Goodreads Synopsis: The main issue in the novel is the disappearance of Edwin Drood and the suspicion that he has been murdered. But as intriguing as this central plot are the startling innovations in Dicken’s work and the troubled elements lurking within the novel: a dark opium underworld, the uneasy and violent fantasies of its inhabitants, the disquieting presence of old ‘Princess Puffer’, of the quiet cathedral town of Cloisterham from which people have to escape in order to save themselves–and, at the centre, the menacing figure of Jasper.
I wasn’t really impressed by this book. Maybe I just don’t get “it”. But it took me a long time to get through it, considering it was less than 200 pages. I didn’t really care for any of the characters at all. There were some that did seem to have genuine interest in the younger people’s lives and affairs and maybe they had a bit more substance to them, but overall I really just couldn’t get into any of them.
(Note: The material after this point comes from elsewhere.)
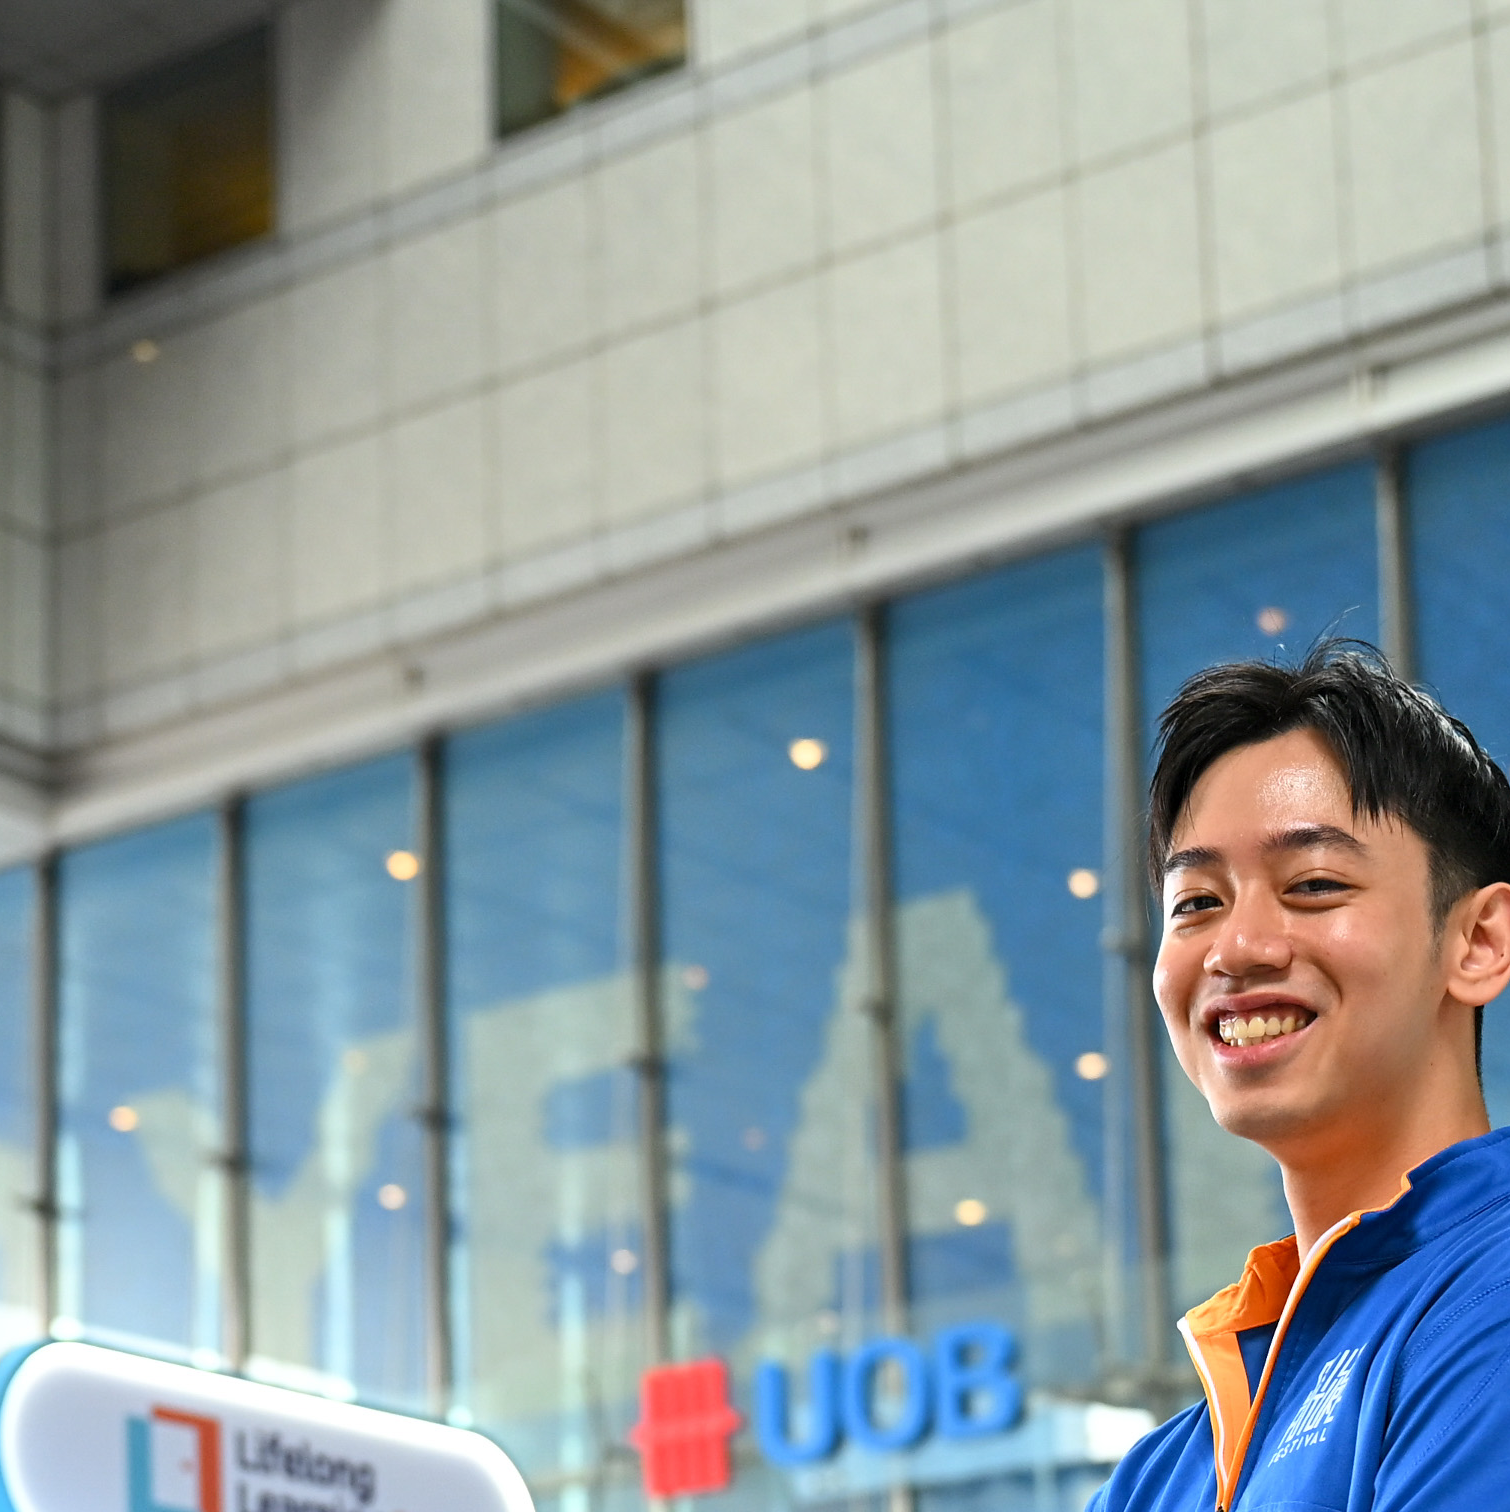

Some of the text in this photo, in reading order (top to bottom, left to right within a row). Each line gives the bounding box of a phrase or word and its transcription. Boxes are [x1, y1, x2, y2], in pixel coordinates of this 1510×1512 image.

[753, 1322, 1022, 1468] UOB
[238, 1431, 376, 1506] Lifelong
[1268, 1428, 1327, 1467] FESTIVAL
At times, the writing seemed almost play-like; the dialogue was easy enough to get through, it was the description that really left me struggling. I tended to wander away and come back wondering what the heck I had just read. Normally, I’m a very focused reader and can read in any setting with any noise around me (on a train, bus, plane, around television, radio, people, iPod…seriously, just about anything). But I was very easily pulled away from this book and into conversations or television shows.
Since this book wasn’t finished before Dickens’ death, it is the ultimate cliff hanger with no real ending. However, I have chosen “my” culprit. I have yet to Google the book to really see what speculation is out there or if there is any particular character that most people lean toward, but from what I gather, it seems an easy enough guess as to who did the deed and I don’t think it’s the one the people of Cloisterham believe it to be.